## Required action
Please repeat the whole listing exactly, but leave the pictures out.

## Material for this task
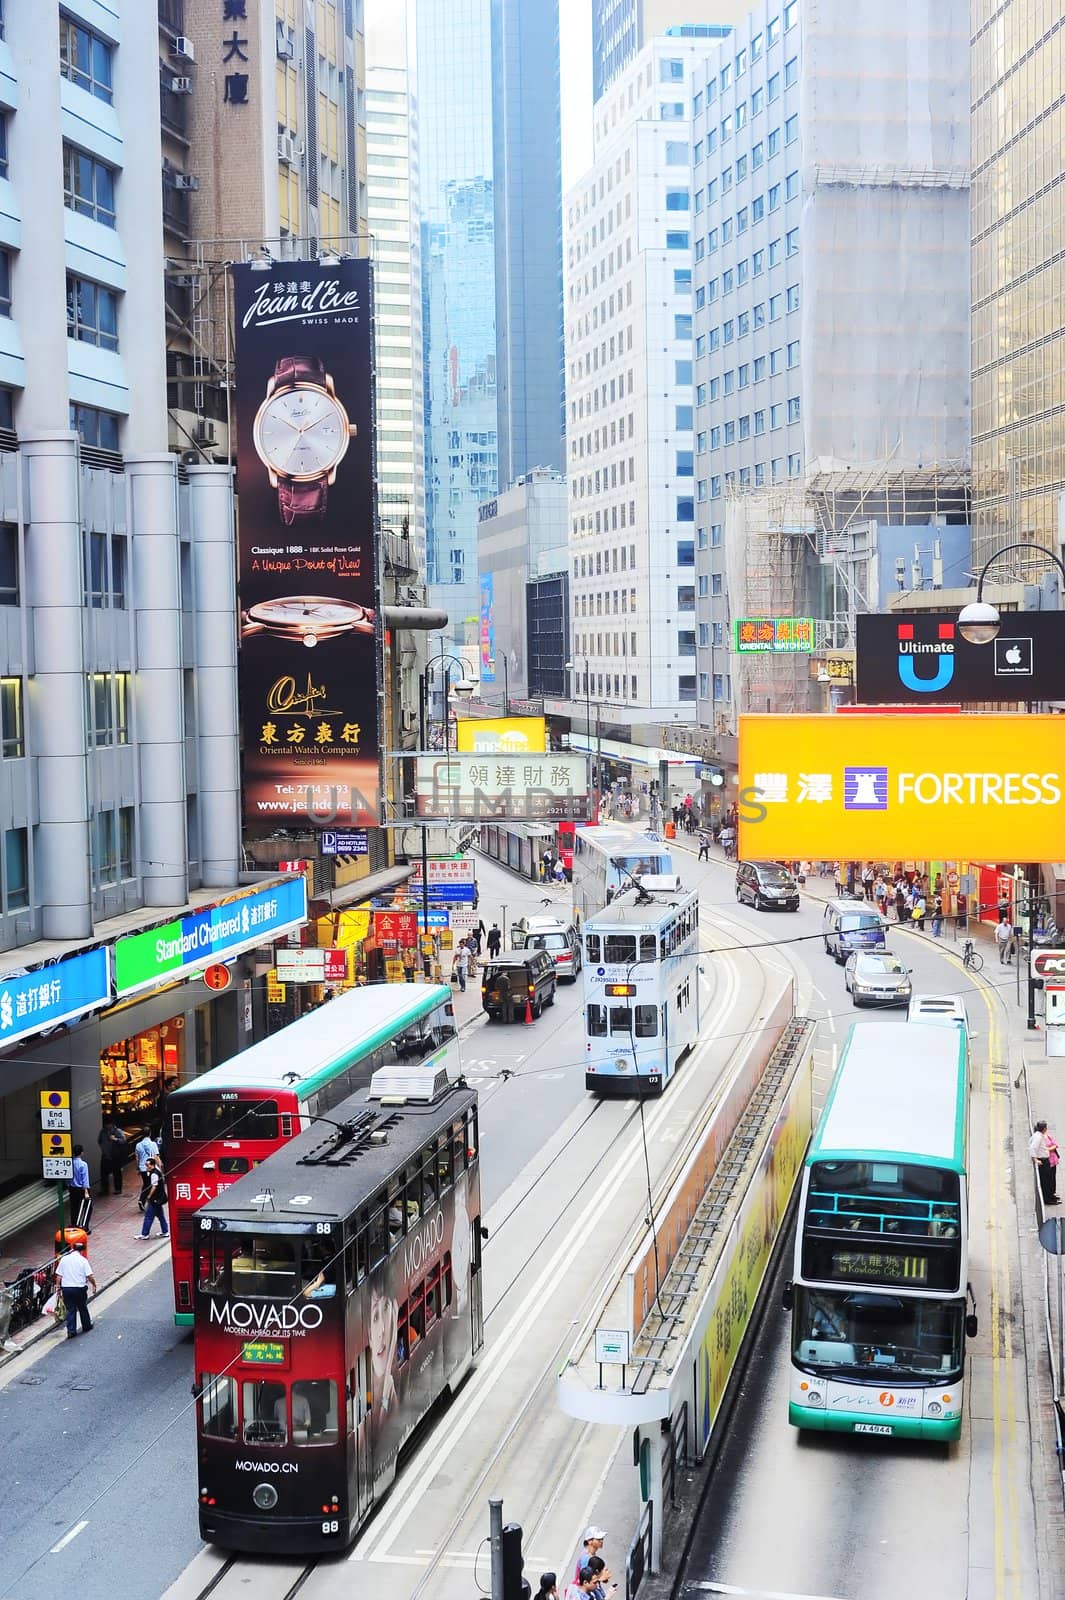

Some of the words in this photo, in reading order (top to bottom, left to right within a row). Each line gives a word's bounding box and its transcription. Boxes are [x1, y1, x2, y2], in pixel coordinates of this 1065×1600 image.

[242, 282, 299, 328] Jean
[251, 546, 284, 556] Classique
[286, 545, 303, 554] 1888
[251, 559, 260, 571] A
[262, 559, 292, 574] Unique
[292, 558, 326, 571] Point
[327, 557, 337, 573] of
[338, 555, 361, 571] View
[740, 642, 774, 651] ORIENTAL
[899, 642, 955, 654] Ultimate
[260, 721, 361, 745] 東方表行
[260, 745, 293, 755] Oriental
[294, 745, 320, 755] Watch
[321, 745, 361, 757] Company
[468, 764, 572, 787] 領達財務
[324, 784, 349, 795] 393
[752, 772, 833, 804] 豐澤
[897, 772, 1062, 806] FORTRESS
[250, 899, 278, 925] 渣打銀行
[155, 928, 199, 964] Standard
[198, 911, 241, 945] Chartered
[15, 979, 62, 1018] 渣打銀行
[49, 1110, 63, 1118] End
[200, 1218, 212, 1230] 88
[316, 1222, 331, 1235] 88
[404, 1210, 445, 1284] MOVADO
[903, 1256, 926, 1279] 111
[209, 1298, 324, 1329] MOVADO
[223, 1326, 251, 1337] MODERN
[271, 1329, 282, 1337] OF
[283, 1329, 292, 1337] ITS
[292, 1329, 307, 1337] TIME
[235, 1460, 299, 1474] MOVADO.CN
[322, 1521, 339, 1534] 88

## Answer below
Some of the words in this photo, in reading order (top to bottom, left to right within a row). Each line gives a word's bounding box and its transcription. Boxes are [x1, y1, x2, y2], in pixel coordinates of this 1065×1600 image.

[242, 282, 299, 328] Jean
[251, 546, 284, 556] Classique
[286, 545, 303, 554] 1888
[251, 559, 260, 571] A
[262, 559, 292, 574] Unique
[292, 558, 326, 571] Point
[327, 557, 337, 573] of
[338, 555, 361, 571] View
[740, 642, 774, 651] ORIENTAL
[899, 642, 955, 654] Ultimate
[260, 721, 361, 745] 東方表行
[260, 745, 293, 755] Oriental
[294, 745, 320, 755] Watch
[321, 745, 361, 757] Company
[468, 764, 572, 787] 領達財務
[324, 784, 349, 795] 393
[752, 772, 833, 804] 豐澤
[897, 772, 1062, 806] FORTRESS
[250, 899, 278, 925] 渣打銀行
[155, 928, 199, 964] Standard
[198, 911, 241, 945] Chartered
[15, 979, 62, 1018] 渣打銀行
[49, 1110, 63, 1118] End
[200, 1218, 212, 1230] 88
[316, 1222, 331, 1235] 88
[404, 1210, 445, 1284] MOVADO
[903, 1256, 926, 1279] 111
[209, 1298, 324, 1329] MOVADO
[223, 1326, 251, 1337] MODERN
[271, 1329, 282, 1337] OF
[283, 1329, 292, 1337] ITS
[292, 1329, 307, 1337] TIME
[235, 1460, 299, 1474] MOVADO.CN
[322, 1521, 339, 1534] 88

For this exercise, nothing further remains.